Mehmet Saylan, Elmarawany Mohamed Nabil, Harding Ian, Bowey Andrew James, Andrews John, Chan Daniel, Jayasuriya Raveen, Srinivas Shreya, Tomlinson James, Bayley Edward, Grevitt Michael Paul, James Stuart, Jones Alwyn, McCarthy Michael J H
Cardiff University, Cardiff, UK.
North Bristol NHS Trust, Bristol, UK.
Eur Spine J. 2025 Apr 3. doi: 10.1007/s00586-025-08825-w.
The use of artificial intelligence (AI) in spinal surgery is expanding, yet its ability to match the diagnostic and treatment planning accuracy of human surgeons remains unclear. This study aims to compare the performance of AI models-ChatGPT-3.5, ChatGPT-4, and Google Bard-with that of experienced spinal surgeons in controversial spinal scenarios.
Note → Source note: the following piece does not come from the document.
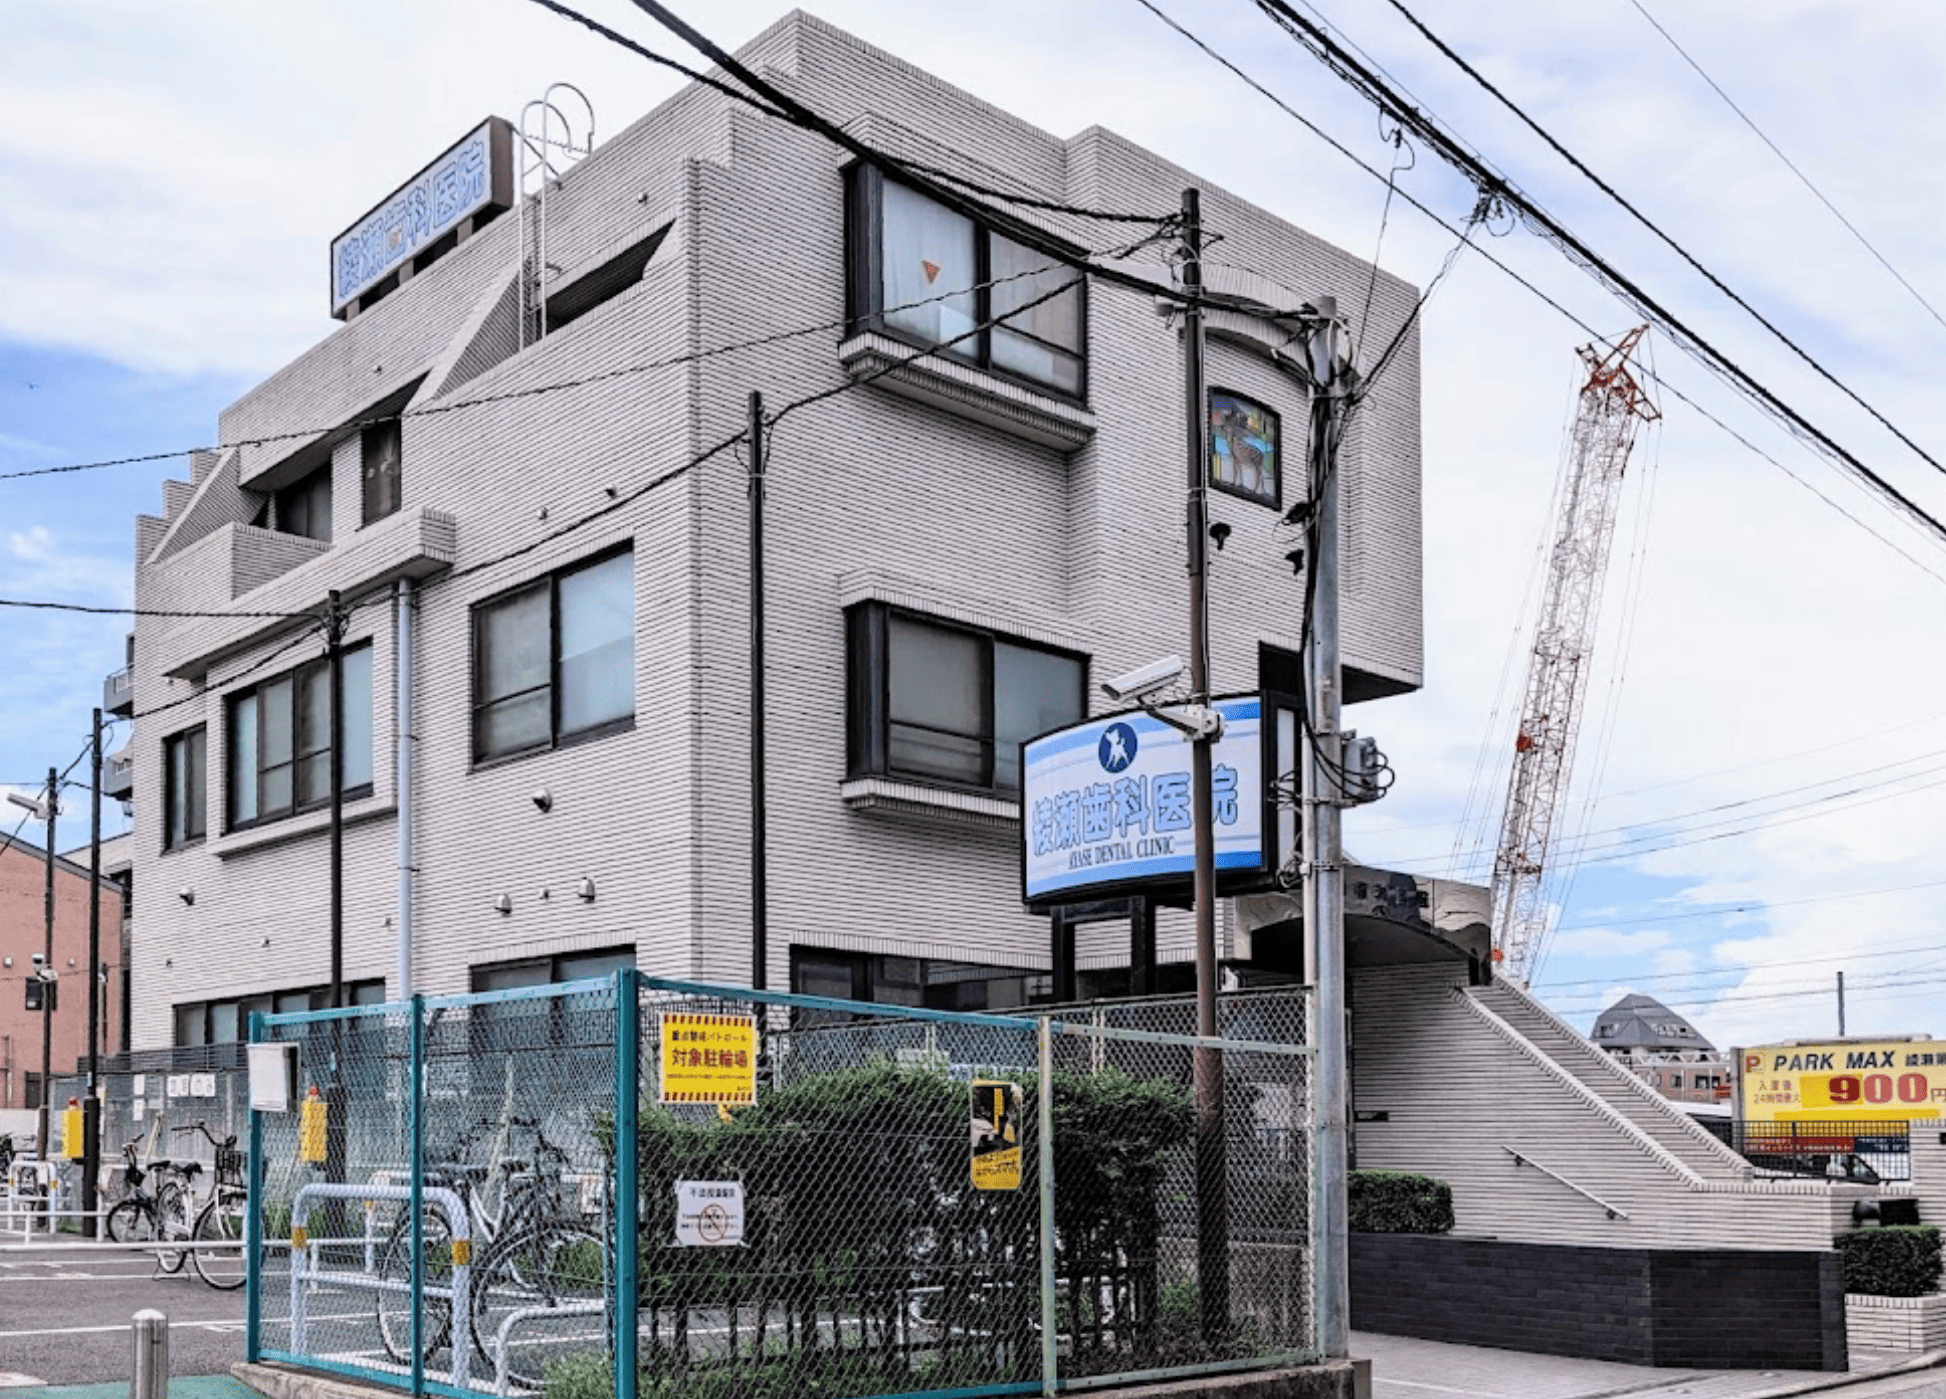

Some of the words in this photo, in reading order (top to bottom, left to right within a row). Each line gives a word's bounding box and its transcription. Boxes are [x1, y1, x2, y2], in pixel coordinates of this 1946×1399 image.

A questionnaire comprising 54 questions was presented to ten spinal surgeons on two occasions, four weeks apart, to assess consistency. The same questionnaire was also presented to ChatGPT-3.5, ChatGPT-4, and Google Bard, each generating five responses per question. Responses were analyzed for consistency and agreement with human surgeons using Kappa values. Thematic analysis of AI responses identified common themes and evaluated the depth and accuracy of AI recommendations.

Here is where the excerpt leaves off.